# Introduction / Business Problem

For families and individuals considering relocation to an unfamiliar large city, it can be overwhelming to know where to start looking for a neighborhood that will fit their preferences and needs at that time in their lives.  Young, single individuals may prefer to stay closer to areas with more nightlife, while families may gravitate to areas that have less nightlife but more parks and other outdoor recreation.  

A recommendation engine assessing the various neighborhoods within a metropolitan area would assist potential movers with little-to-no familiarity with their future city in quickly locating neighborhoods that would be the most likely fit for them.  For this application, a set of personas with assumptions regarding their preferences will be formed, and the recommendations will be formed for the personas.  

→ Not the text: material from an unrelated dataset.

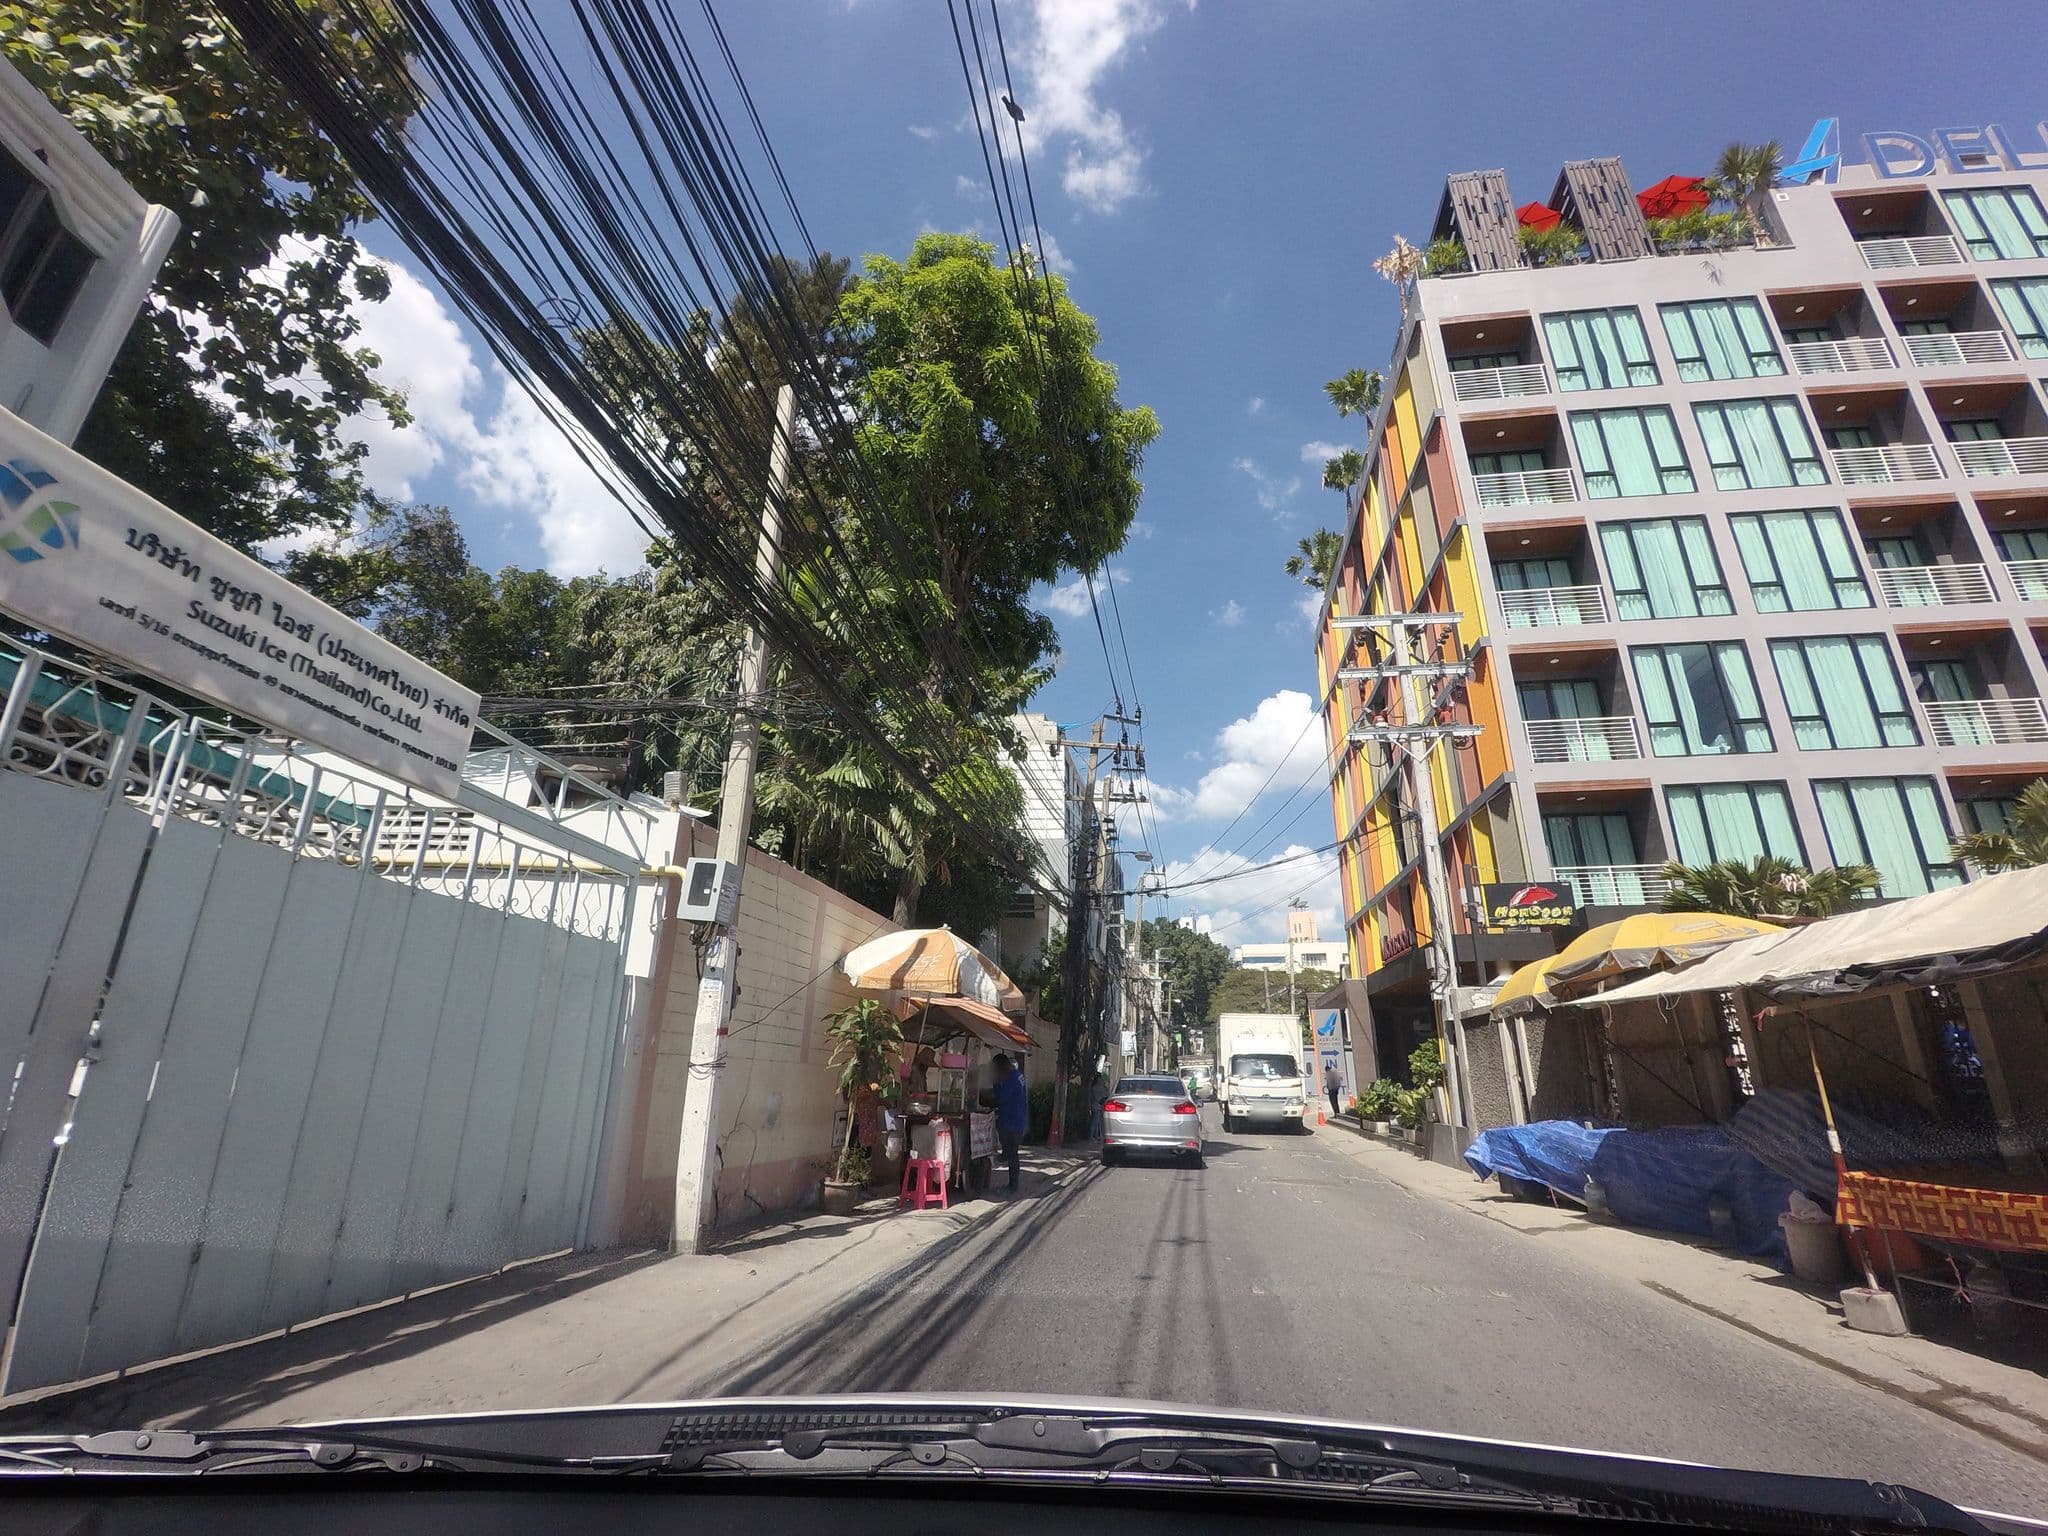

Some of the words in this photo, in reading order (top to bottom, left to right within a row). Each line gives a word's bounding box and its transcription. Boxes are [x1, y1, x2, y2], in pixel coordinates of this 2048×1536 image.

A recommendation engine like this could additionally be utilized by realtors in helping to identify key preferences and priorities of their clients, and identify neighborhoods in which they are more likely to buy.

# Data Plan

###  Data Background

In the case of this neighborhood recommendation engine, we will use the categories of venues that can be found by Foursquare API's to approximate the overall feel of the neighborhood.  However, studies have shown that having too many options can result in analysis paralysis and frustration, and the number of potential venue categories within Foursquare is not small.  In order to prevent overwhelming potential users, we will keep the number of input options to a relatively small number by leveraging the hierarchical structure of the Venue Category List. Specifically, we will identify the top-level categories available in this hierarchy and compare neighbohoods using a combination of the top-level categories and preferences of our user personas to generate a recommendation.   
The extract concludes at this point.